Data provided:

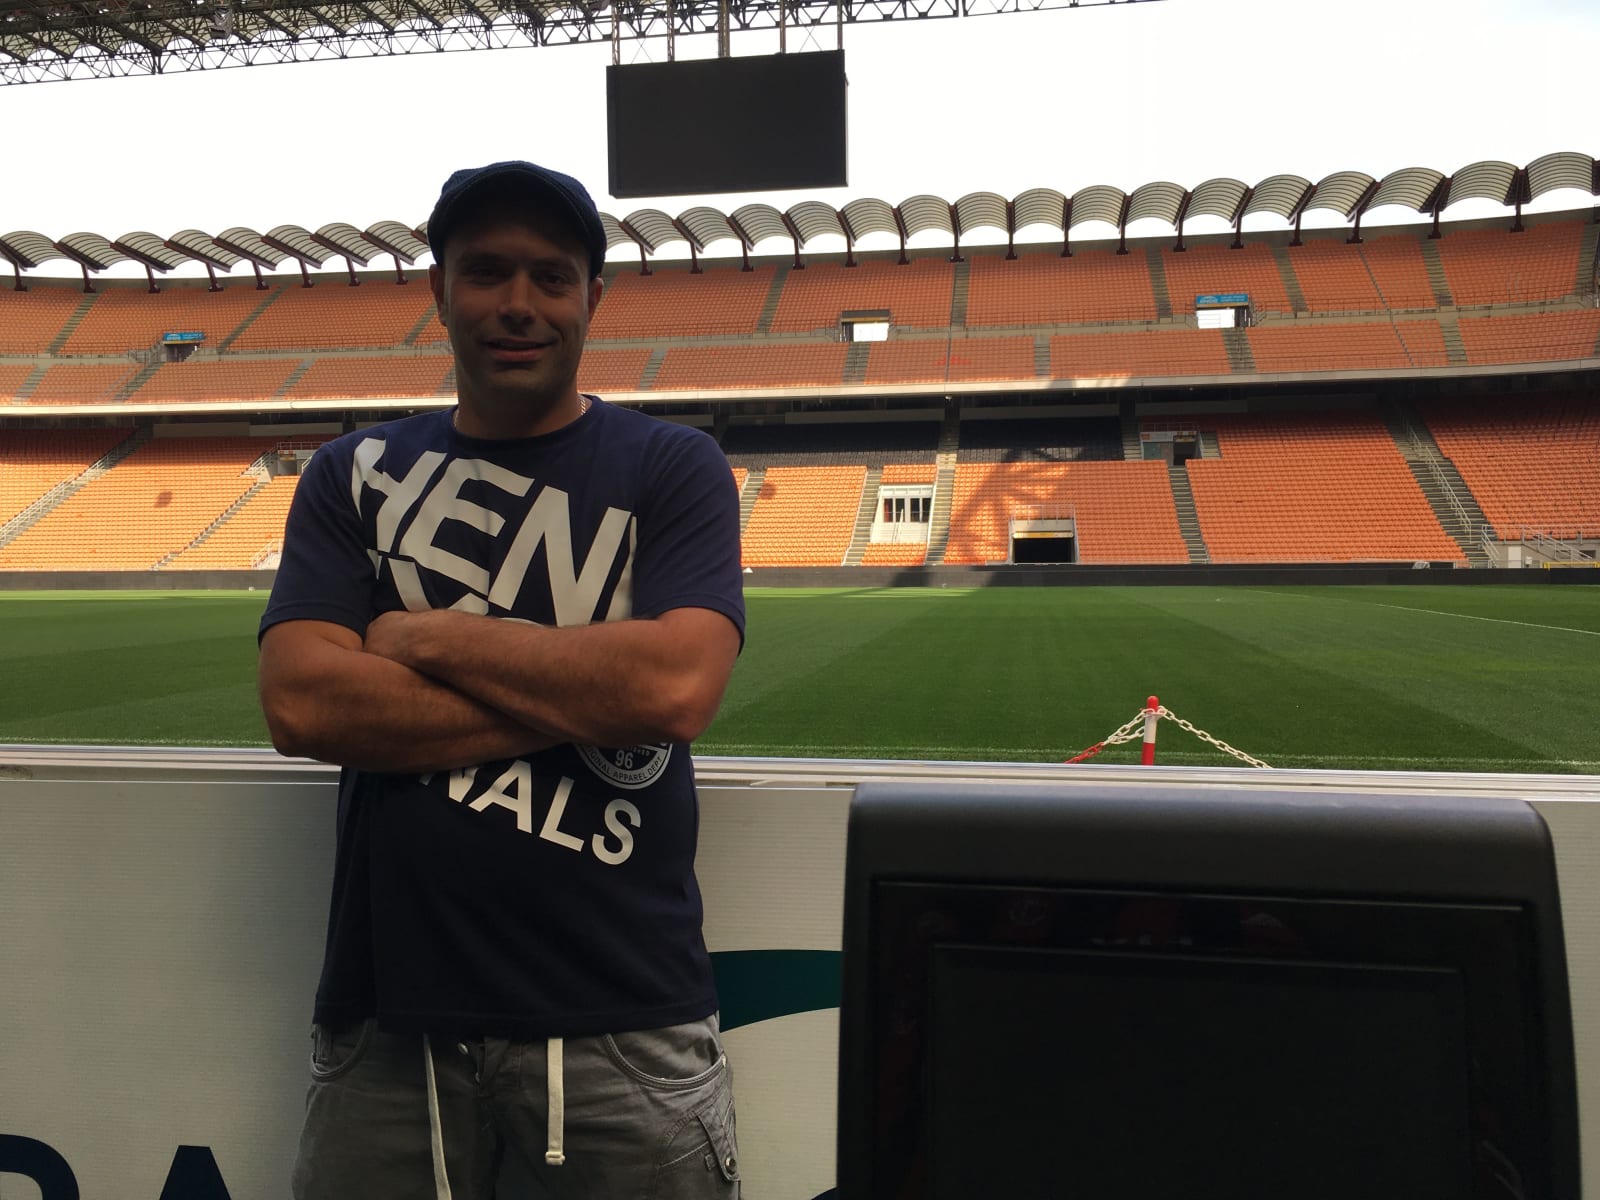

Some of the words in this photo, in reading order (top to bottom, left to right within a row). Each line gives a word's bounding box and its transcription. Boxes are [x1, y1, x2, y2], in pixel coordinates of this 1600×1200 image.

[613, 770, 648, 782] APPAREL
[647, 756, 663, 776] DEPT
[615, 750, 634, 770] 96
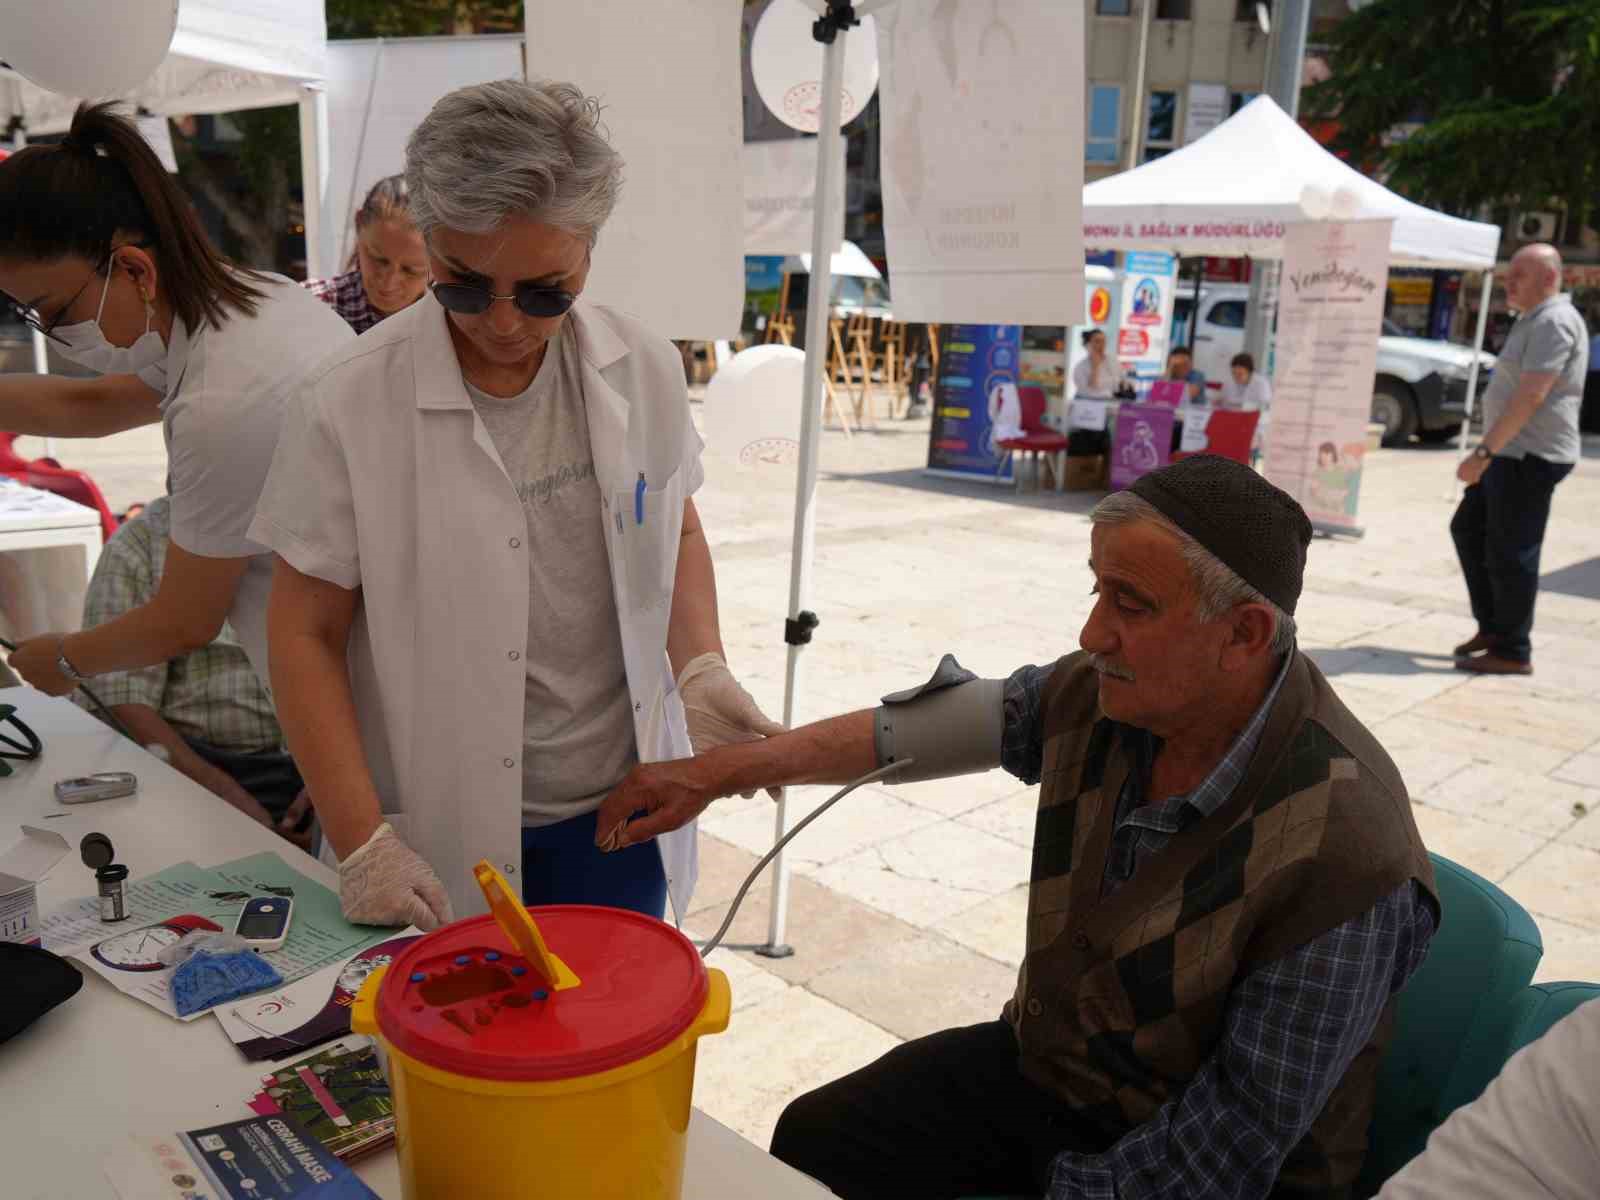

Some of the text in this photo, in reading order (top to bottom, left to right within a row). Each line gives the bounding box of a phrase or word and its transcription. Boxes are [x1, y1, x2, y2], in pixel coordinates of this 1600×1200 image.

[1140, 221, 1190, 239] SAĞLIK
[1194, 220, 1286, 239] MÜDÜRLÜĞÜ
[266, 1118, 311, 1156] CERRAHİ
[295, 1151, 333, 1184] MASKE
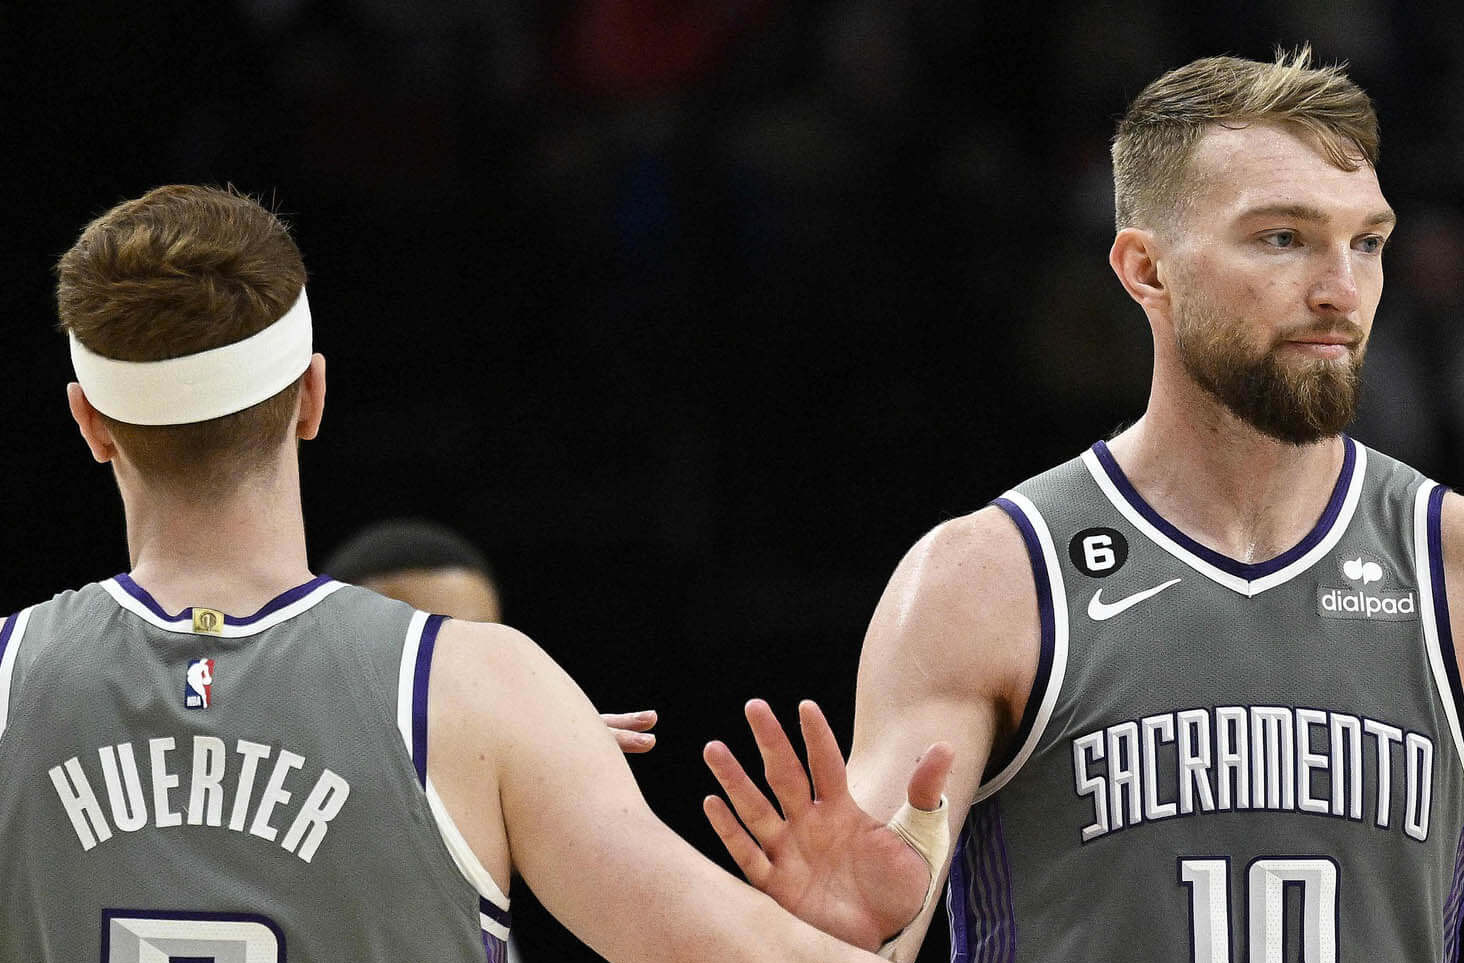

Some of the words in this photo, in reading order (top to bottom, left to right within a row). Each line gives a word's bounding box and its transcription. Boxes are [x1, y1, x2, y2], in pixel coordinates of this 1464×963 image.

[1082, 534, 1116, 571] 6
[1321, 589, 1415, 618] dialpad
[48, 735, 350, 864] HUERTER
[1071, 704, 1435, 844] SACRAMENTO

Task objective:
Which lines fall between the one containing "Some of the text" and the last line of the listing, both included? Give them again exactly, without the pictures.

Result:
Some of the text in this photo, in reading order (top to bottom, left to right within a row). Each line gives the bounding box of a phrase or word and its transcription. Boxes are [x1, y1, x2, y2], in pixel coordinates of this 1600×1200 image.

[1140, 221, 1190, 239] SAĞLIK
[1194, 220, 1286, 239] MÜDÜRLÜĞÜ
[266, 1118, 311, 1156] CERRAHİ
[295, 1151, 333, 1184] MASKE

Some of the words in this photo, in reading order (top to bottom, left to right within a row). Each line gives a word's bounding box and its transcription. Boxes are [x1, y1, x2, y2], in pixel coordinates of this 1464×963 image.

[1082, 534, 1116, 571] 6
[1321, 589, 1415, 618] dialpad
[48, 735, 350, 864] HUERTER
[1071, 704, 1435, 844] SACRAMENTO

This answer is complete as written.